The speaker in our Wednesday Afternoon Lecture Series is Dr. Robert Langer of MIT, winner of the 2014 Breakthrough Prize in Life Sciences, described as "one of history's most prolific inventors in medicine" and the most cited engineer in history.

Advanced drug delivery systems are having an enormous impact on human health. Dr. Langer will begin the lecture by discussing his early research on developing the first controlled release systems for macromolecules and the isolation of angiogenesis inhibitors, noting how these advances have led to numerous new therapies. For example, new drug delivery technologies including nanoparticles and nanotechnology are now being studied for use treating cancer and other illnesses. Dr. Langer will next discuss ways of developing novel microchips for drug delivery, elucidating how approaches for creating new biomaterials are evaluated and providing examples where such materials are used in brain cancer and shape-memory applications. By combining mammalian cells, including stem cells, with synthetic polymers, new approaches for engineering tissues are being developed that may someday help in various disease, particularly in the fields of cartilage, skin, blood vessels, and spinal cord repair.

Robert S. Langer is the David H. Koch Institute Professor at the Massachusetts Institute of Technology. His work is at the interface of biotechnology and materials science.

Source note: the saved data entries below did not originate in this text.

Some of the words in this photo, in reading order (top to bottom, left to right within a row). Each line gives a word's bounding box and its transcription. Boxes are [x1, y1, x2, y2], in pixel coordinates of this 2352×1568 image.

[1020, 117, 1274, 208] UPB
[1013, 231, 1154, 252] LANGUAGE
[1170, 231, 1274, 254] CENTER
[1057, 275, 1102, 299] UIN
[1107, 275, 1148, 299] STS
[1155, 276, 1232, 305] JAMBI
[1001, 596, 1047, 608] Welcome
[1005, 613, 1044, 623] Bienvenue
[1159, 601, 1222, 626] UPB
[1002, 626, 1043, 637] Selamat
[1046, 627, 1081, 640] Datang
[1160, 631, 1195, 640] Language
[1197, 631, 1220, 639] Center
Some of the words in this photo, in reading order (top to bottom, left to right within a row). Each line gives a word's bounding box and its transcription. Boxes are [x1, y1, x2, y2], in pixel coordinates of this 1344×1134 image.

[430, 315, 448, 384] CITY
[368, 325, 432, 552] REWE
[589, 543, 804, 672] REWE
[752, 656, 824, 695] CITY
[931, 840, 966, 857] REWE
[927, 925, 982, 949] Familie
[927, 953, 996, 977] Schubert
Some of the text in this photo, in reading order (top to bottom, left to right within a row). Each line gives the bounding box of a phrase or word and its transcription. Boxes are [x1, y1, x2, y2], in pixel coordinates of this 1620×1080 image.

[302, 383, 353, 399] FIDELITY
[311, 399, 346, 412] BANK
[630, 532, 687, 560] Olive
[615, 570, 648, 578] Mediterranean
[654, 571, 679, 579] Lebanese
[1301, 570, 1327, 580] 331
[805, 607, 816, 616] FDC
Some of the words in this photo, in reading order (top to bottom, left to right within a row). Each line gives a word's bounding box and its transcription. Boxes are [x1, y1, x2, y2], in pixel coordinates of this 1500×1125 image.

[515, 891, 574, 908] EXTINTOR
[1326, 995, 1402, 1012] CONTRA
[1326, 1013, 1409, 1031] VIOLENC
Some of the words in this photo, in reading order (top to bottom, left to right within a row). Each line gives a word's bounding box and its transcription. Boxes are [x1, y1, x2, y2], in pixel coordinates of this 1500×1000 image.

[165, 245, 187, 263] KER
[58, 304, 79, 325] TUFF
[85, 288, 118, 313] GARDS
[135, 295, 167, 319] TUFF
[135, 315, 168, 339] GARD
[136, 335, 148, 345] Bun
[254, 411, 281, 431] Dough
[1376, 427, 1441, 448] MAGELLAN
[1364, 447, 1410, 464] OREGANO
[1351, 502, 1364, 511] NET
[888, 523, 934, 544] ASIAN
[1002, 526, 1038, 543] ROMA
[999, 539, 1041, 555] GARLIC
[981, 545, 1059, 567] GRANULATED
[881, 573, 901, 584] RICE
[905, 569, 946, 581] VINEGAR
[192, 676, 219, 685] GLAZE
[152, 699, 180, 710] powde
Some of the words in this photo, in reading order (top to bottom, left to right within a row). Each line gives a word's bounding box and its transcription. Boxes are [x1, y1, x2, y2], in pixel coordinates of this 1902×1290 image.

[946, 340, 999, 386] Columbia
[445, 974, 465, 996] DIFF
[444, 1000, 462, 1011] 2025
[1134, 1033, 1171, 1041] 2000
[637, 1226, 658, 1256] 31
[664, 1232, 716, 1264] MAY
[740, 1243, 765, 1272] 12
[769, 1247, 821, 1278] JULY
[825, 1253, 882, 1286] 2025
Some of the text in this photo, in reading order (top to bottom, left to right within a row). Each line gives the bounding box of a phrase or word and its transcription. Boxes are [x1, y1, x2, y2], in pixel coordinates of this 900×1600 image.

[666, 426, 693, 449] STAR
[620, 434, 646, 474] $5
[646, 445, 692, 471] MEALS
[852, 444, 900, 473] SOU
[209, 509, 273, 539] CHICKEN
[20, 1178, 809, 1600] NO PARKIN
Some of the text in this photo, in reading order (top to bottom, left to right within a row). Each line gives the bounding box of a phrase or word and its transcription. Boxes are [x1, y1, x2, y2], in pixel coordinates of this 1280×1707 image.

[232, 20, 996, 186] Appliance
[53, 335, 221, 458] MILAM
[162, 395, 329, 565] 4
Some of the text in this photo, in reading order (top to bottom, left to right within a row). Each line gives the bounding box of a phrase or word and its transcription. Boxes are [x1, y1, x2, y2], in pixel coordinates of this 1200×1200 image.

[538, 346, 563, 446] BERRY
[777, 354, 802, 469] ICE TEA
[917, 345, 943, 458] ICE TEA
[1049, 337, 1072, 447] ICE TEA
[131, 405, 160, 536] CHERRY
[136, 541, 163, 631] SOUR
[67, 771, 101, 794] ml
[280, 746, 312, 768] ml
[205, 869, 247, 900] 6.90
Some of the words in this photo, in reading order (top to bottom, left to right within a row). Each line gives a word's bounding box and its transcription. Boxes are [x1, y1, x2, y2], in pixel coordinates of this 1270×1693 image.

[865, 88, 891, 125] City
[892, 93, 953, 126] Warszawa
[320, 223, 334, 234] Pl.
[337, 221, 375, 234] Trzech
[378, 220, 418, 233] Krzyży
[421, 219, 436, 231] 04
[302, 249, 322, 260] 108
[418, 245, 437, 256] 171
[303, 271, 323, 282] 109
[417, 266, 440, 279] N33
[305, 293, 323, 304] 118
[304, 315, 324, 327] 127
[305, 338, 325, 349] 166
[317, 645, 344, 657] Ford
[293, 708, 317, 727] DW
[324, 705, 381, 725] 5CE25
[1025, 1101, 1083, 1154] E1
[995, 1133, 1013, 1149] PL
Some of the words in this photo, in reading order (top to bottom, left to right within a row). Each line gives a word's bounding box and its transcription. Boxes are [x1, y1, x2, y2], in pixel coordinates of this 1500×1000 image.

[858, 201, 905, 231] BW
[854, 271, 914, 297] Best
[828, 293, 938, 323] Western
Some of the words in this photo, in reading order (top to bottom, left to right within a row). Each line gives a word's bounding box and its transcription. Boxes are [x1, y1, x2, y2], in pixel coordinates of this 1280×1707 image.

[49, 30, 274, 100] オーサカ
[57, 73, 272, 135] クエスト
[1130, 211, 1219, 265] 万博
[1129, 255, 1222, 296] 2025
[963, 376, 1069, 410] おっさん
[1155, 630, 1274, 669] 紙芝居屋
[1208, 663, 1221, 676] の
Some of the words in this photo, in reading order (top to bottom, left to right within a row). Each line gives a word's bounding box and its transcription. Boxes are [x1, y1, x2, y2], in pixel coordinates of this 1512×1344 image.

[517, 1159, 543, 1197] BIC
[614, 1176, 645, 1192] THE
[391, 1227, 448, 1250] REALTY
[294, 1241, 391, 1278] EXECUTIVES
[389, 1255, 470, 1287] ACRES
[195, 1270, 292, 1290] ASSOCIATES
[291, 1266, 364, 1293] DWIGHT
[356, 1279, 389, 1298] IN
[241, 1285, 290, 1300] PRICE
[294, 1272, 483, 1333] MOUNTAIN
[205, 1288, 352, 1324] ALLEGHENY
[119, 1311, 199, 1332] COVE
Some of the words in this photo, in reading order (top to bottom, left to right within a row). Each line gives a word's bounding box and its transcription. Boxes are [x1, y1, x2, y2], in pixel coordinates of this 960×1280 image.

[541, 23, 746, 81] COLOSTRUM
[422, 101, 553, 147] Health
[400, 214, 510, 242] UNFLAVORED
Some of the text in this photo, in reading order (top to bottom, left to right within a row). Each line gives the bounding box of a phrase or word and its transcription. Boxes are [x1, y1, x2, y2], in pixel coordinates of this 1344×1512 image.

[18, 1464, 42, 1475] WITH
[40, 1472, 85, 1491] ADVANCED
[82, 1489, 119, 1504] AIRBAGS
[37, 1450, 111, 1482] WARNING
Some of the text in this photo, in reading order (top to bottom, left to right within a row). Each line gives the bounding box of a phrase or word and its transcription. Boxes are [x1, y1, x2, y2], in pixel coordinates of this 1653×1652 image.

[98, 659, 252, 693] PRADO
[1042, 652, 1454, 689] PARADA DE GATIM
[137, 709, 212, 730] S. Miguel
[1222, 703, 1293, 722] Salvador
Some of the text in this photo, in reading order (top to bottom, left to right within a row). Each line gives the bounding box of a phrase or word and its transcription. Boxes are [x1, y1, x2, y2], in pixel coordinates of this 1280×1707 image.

The major focus areas include the study and development of polymers to deliver drugs, particularly genetically engineered proteins, DNA and RNAi, continuously at controlled rates for prolonged periods of time. Dr. Langer has written more than 1,240 articles, and he also has 1,026 issued and pending patents worldwide. His many awards include the United States National Medal of Science, the United States National Medal of Technology and Innovation, 2014 Breakthrough Prize in Life Sciences, the Charles Stark Draper Prize, Albany Medical Center Prize, the Wolf Prize for Chemistry and the Lemelson-MIT prize, for being "one of history's most prolific inventors in medicine."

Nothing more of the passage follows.